After taking a step-by-step approach during the part-time seasons, Shank and partner Jim Meyer were finally in a position to go full-time in 2020.

“We built this program very, very specifically,” Shank said. “We did it for what we could afford first. How we decided what races to run was based on where our sponsors wanted to be, or wanted to entertain around, of anything in that effect. That was always the No. 1 consideration.

“We had a plan going into the partial season, and they needed to see progress in us that we were able to deliver on what we said we could. As we delivered, they continued to build involvement in us. It’s been very specific, and I’m really proud of it.

“Every single thing we said, that we told the public, that we told Honda, that we told Schmidt Peterson in the prior relationship, every single thing we said we would do, we did. That is tough in the sport, and we are proud with how it has rolled out.”

Shank had to find a different engineering alliance after McLaren purchased Arrow Schmidt Peterson Motorsports to become Arrow McLaren SP in August. That team has switched from Honda to Chevrolet. Shank’s team is a Honda program, so he had to align with a different Honda team in IndyCar.

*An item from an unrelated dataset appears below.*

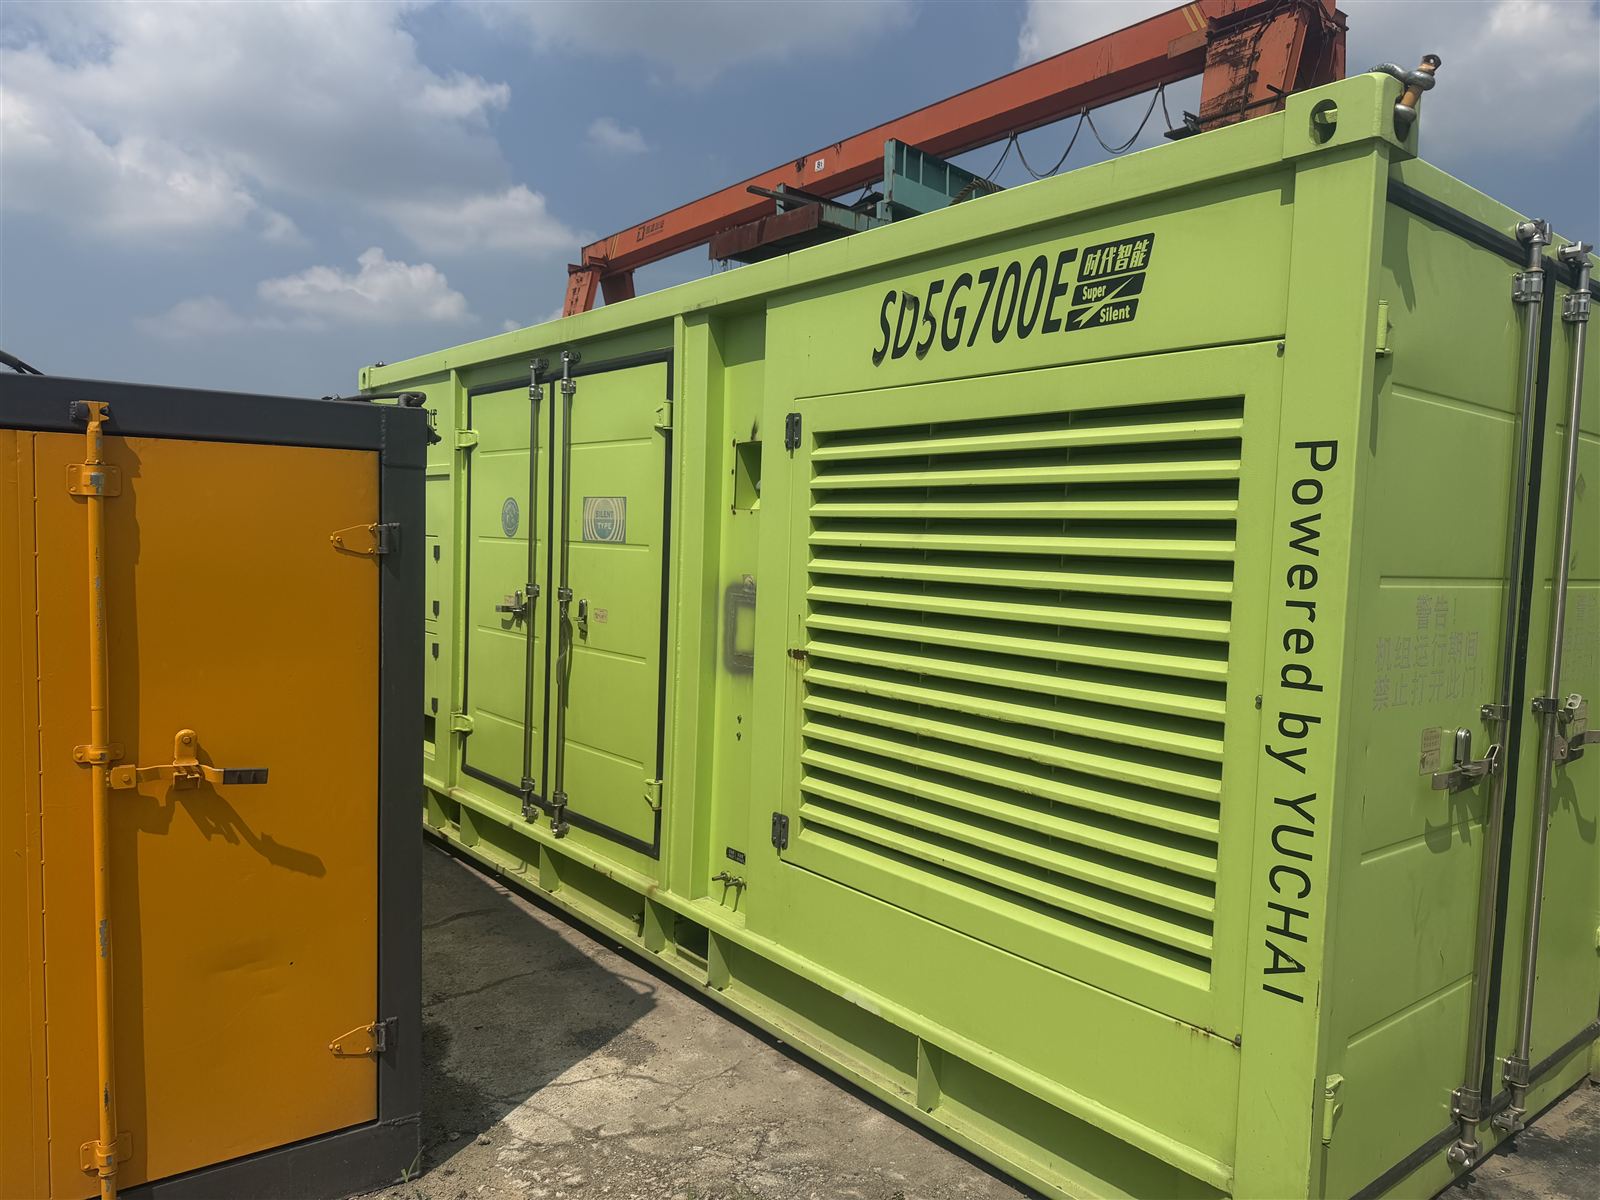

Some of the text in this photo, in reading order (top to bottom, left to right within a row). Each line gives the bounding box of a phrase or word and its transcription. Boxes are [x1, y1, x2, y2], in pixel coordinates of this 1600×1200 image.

That led him to Andretti Autosport and Andretti Technologies. Last year, Andretti Technologies supporting Harding Steinbrenner Racing with talented rookie driver Colton Herta. That team moves over to become a full Andretti Autosport team beginning in 2020.

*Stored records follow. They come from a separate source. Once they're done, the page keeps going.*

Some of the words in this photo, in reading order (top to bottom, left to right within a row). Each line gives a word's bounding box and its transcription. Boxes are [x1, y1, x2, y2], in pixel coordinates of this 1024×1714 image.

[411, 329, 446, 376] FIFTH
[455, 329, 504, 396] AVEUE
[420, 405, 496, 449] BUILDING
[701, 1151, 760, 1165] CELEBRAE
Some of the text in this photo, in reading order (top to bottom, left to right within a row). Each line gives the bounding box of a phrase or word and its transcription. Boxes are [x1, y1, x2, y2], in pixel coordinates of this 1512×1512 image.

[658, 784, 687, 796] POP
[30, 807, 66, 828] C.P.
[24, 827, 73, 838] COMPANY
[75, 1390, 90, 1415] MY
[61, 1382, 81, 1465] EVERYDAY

Team owner Michael Andretti, however, saw value in working with another team as a partner. Meyer Shank Racing had all of the ingredients Andretti likes in a satellite team and the agreement was announced Friday morning.

“I started hearing about McLaren midyear in 2019 and the first time I heard that, it really surprised me -- it caught me off-guard, to be honest with you,” Shank said. “I had to immediately scramble to think, ‘OK, what do we do now?’

“I knew with my relationship with Honda and Acura and HPD, where I wanted to be in this. I owe Honda and HPD and Acura a lot. They took a chance on me four or five years ago with the sports car program and went to bat for me over there. I also didn’t want to be Chevrolet in one series and Honda in another. That doesn’t serve my program proper justice or loyalty toward Honda. I chose this path and I’m sticking to it.”

That led Shank to consider if it was time to strike out on his own, form his own team and compete full season. But he had second thoughts.

“One thing I have learned about IndyCar racing in the 17 races that I’ve done is don’t think you are any better than the people that have been here for 20 years in IndyCar,” Shank said. “Don’t re-invent the wheel when it’s not time to re-invent the wheel.

“For us, we have to make sure we make the Indy 500. That was critical so we chose the path to have a technical partnership for another two years. That doesn’t mean we won’t ever go out on our own, but in a lot of ways these technical partnerships are the way of the future. Especially for teams like mine that have a lot of different programs going on internally, they serve their purpose very well. So far, so good.”

Meyer Shank Racing will be able to share information and engineering data with Andretti Autosport. Some of Shank’s business and sponsorship partners, such as AutoNation, are also aligned with Andretti Autosport.

It was a deal that just made sense.

“The sky is the limit,” Shank said. “We have an opportunity. That’s all that we have ever asked.

“Jack Harvey and I have a couple of years to try and get it done. Let’s see where it takes us.”